In 2013, Code.org launched the Hour of Code as part of the annual Computer Science Education Week (CSEdWeek), a celebration geared to encourage interest in the field and show that anyone can learn the basics. Today, we’re surrounded by technology. Simple computer science activities can help nurture creativity and problem solving skills. By getting a feel for computational thinking early, students will have a foundation for success in any future career path.
If you are interested in seeing what you can do with HTML and want to build something cool check out this lesson. It walks you through building a model of our solar system showing their positions and orbits and movement. Use this lesson to the test and discover just how powerful these tools can be.
Organized by the Computing in the Core coalition and Code.org, CSEdWeek is held in recognition of the birthday of computing pioneer Admiral Grace Murray Hopper (December 9, 1906).
What is Hour of Code?
It’s a one-hour introduction to computer science, designed to demystify “code” and show that anyone can learn the basics to be a maker, a creator, an innovator.

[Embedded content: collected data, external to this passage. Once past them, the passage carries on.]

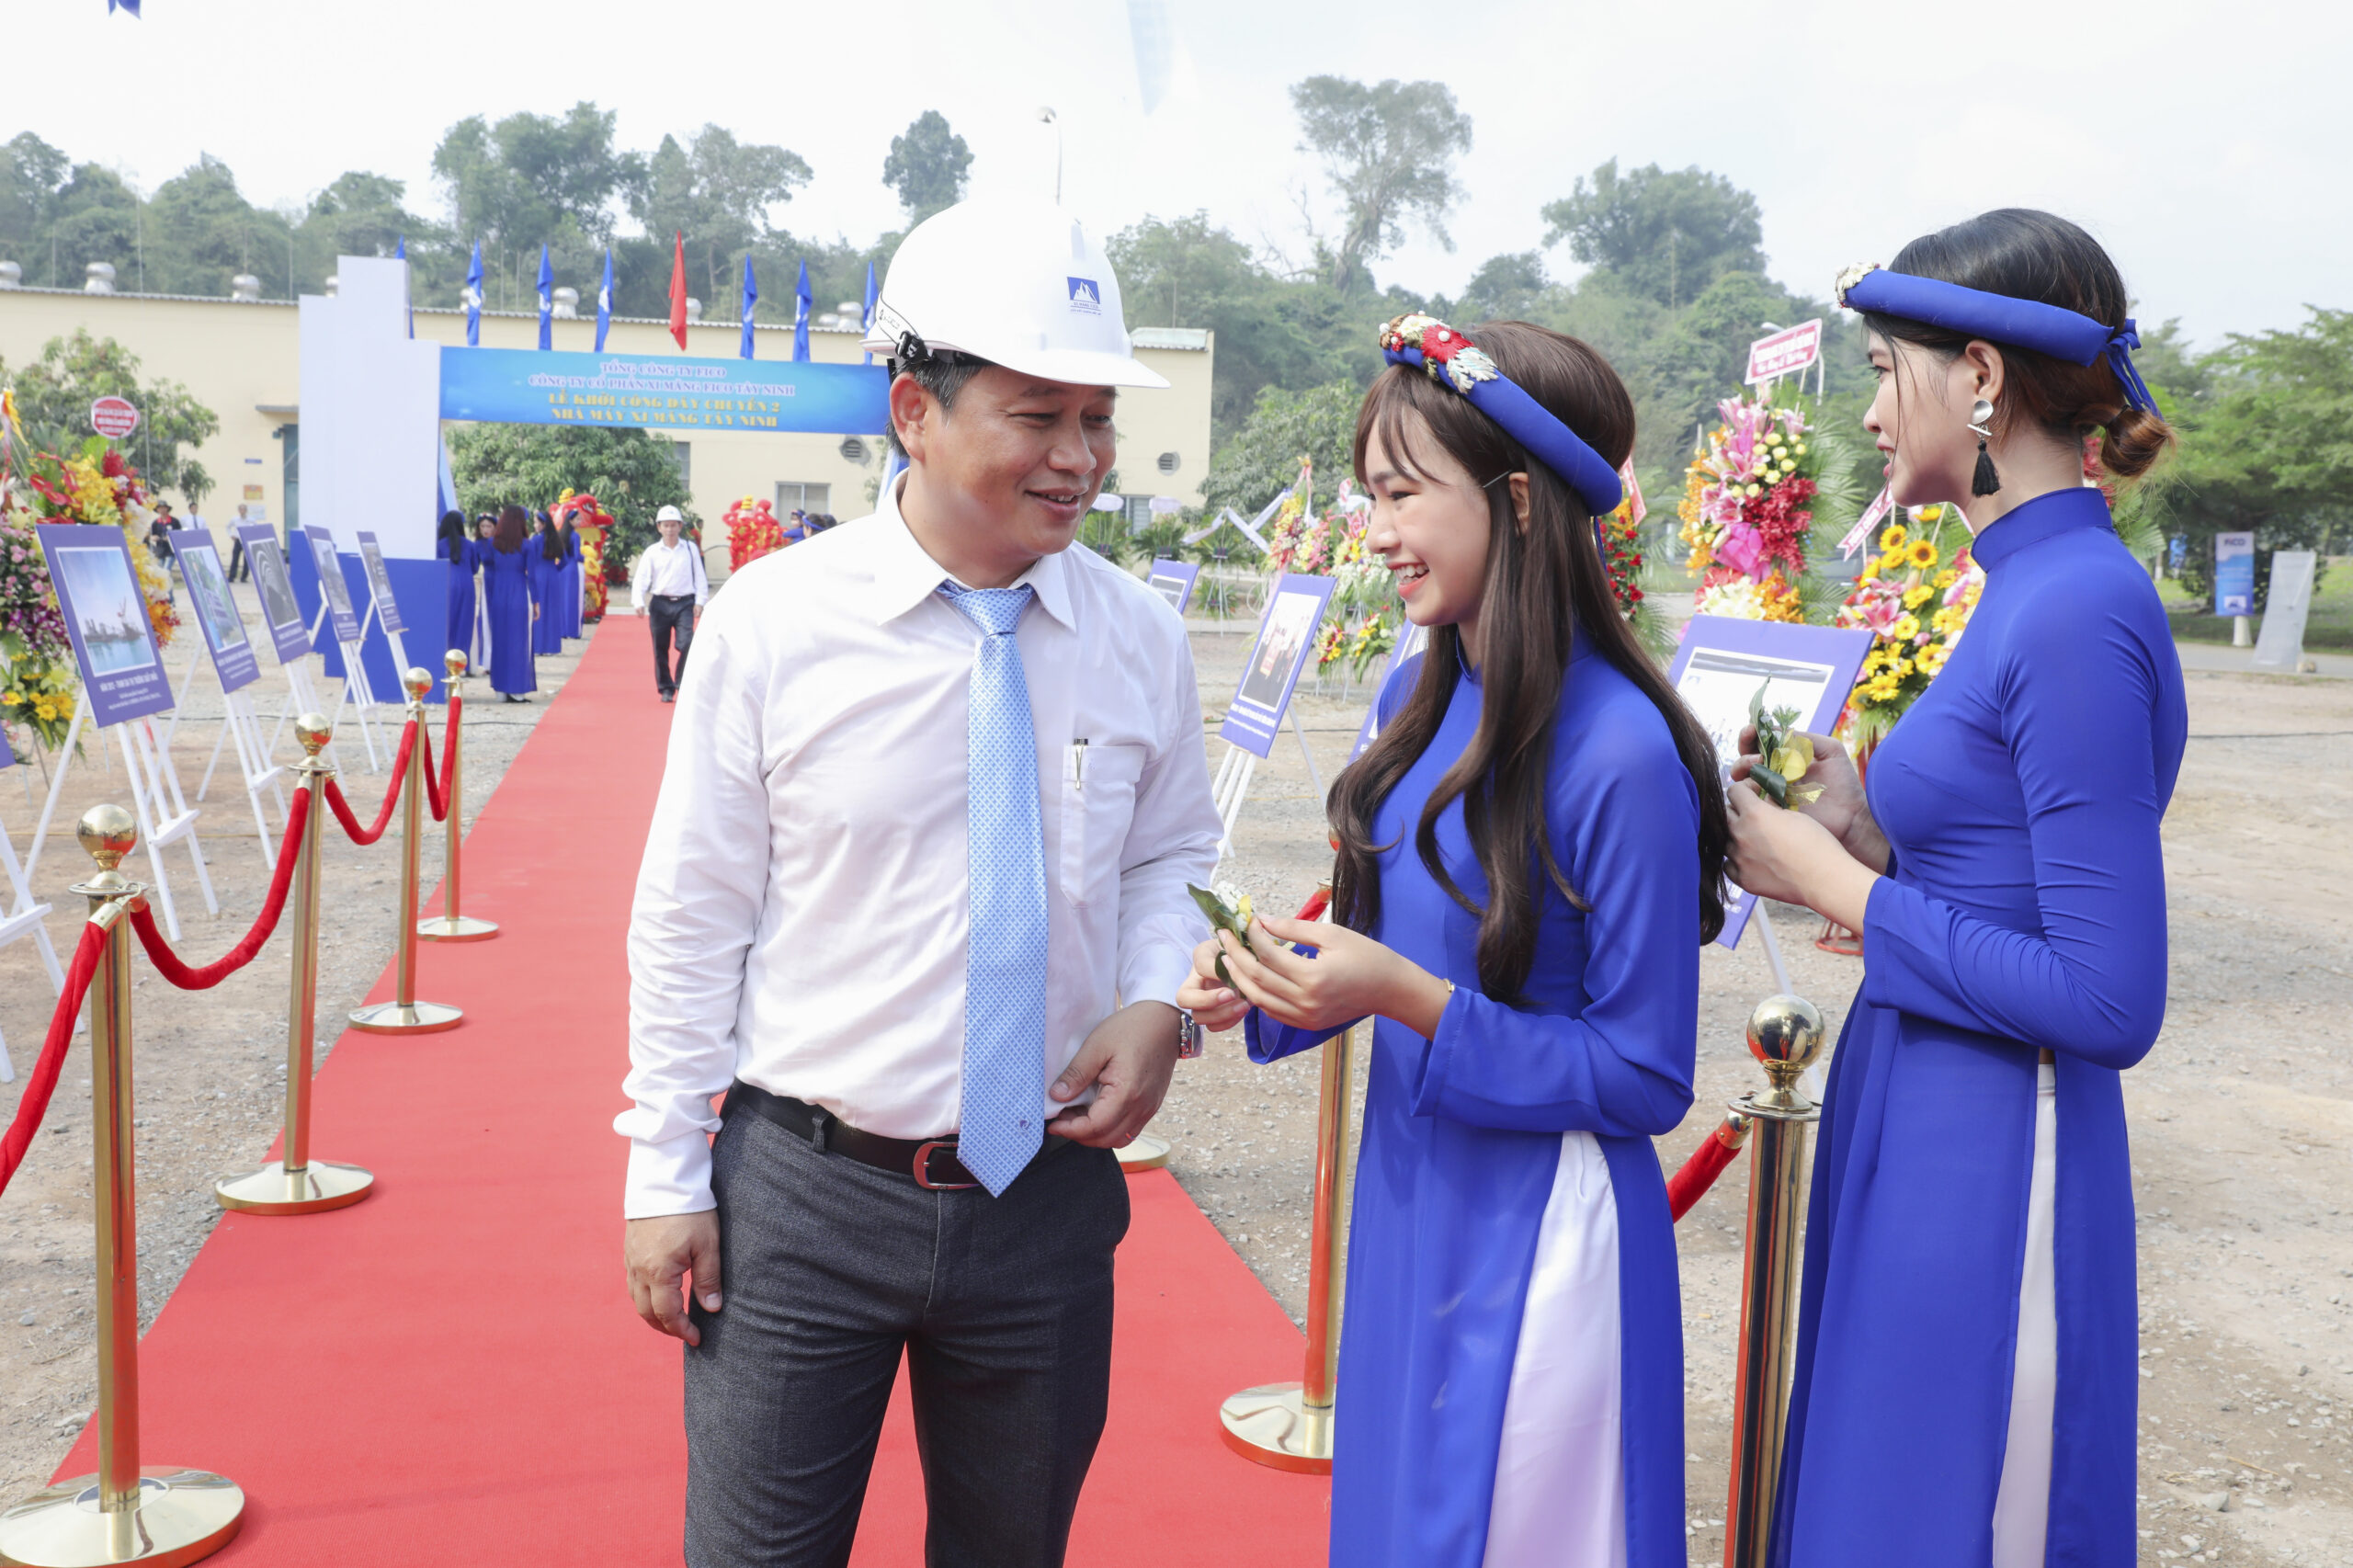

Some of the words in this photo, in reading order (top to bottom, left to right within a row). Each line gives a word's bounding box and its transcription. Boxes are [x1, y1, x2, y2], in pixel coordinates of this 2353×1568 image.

[601, 358, 636, 373] TỔNG
[639, 361, 674, 375] CÔNG
[676, 364, 694, 377] TY
[696, 365, 727, 378] FICO
[529, 372, 567, 386] CÔNG
[569, 376, 585, 388] TY
[646, 379, 661, 392] XI
[702, 381, 733, 394] FICO
[734, 381, 759, 395] TÂY
[761, 384, 796, 396] NINH
[620, 393, 662, 408] CÔNG
[771, 402, 780, 413] 2
[551, 406, 585, 420] NHÀ
[631, 411, 648, 423] XI
[740, 415, 778, 427] NINH
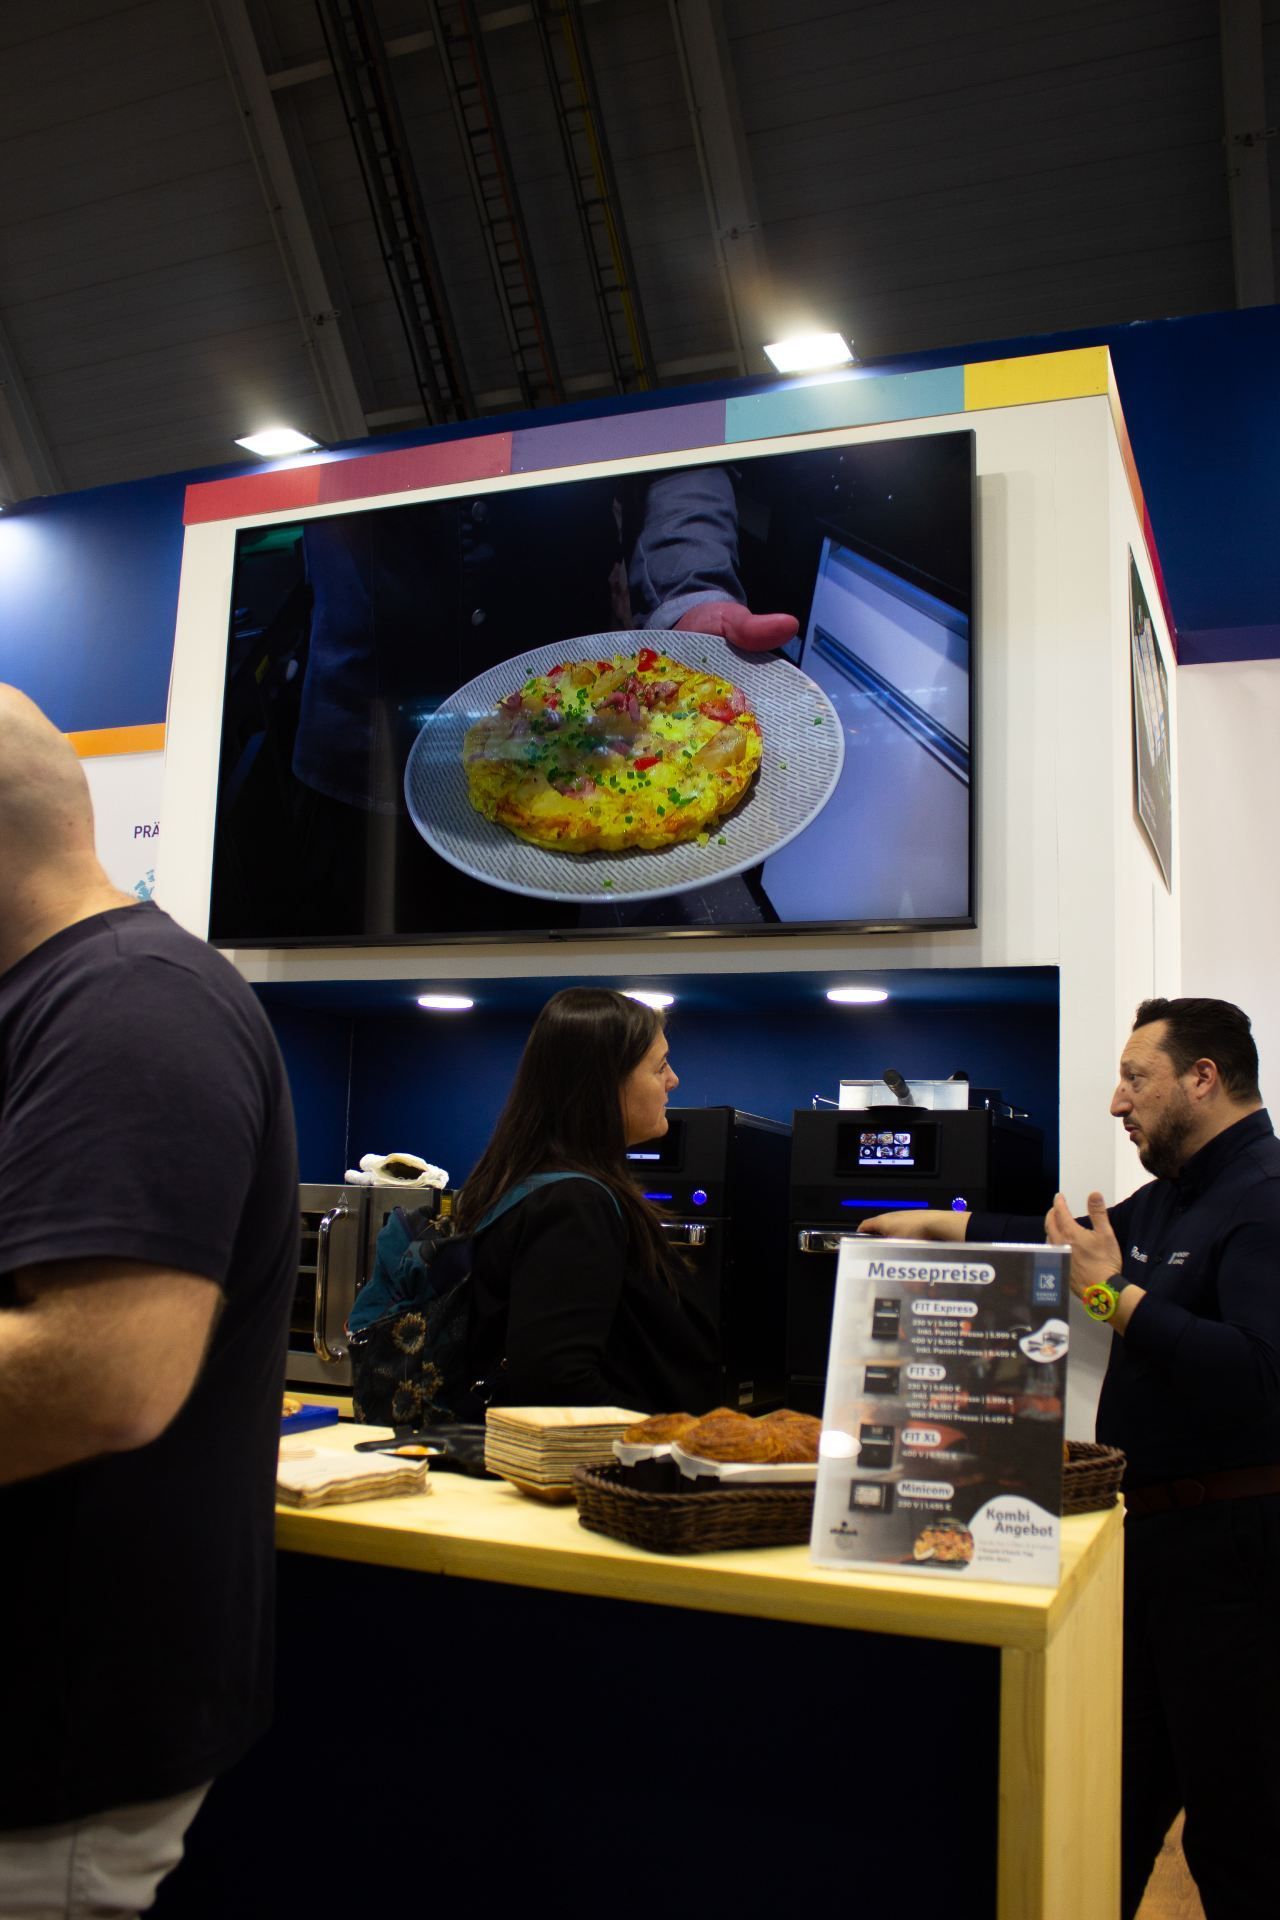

It is a self-guided activity that every student, in every classroom, can do. No experience needed.
Why Hour of Code?
Computer science is a foundational field for every 21st century career or field of study. Learning the basics of computer science prepares students for a world that is increasingly dominated by technology. Research shows that students who study computer science also perform better at math.
Besides, computer science is where the jobs are. More than 50% of all jobs in STEM (science, technology, engineering, and math) are computing jobs. Some other stats:
- Computer science is one of the highest-paid college degree for new graduates.
- Computer programming jobs are growing at two times the national average — but there aren’t enough graduates to fill these jobs.
- Nine out of 10 K-12 schools do not offer computer programming classes.
- In 35 out of 50 states, computer science does not even count toward high school graduation.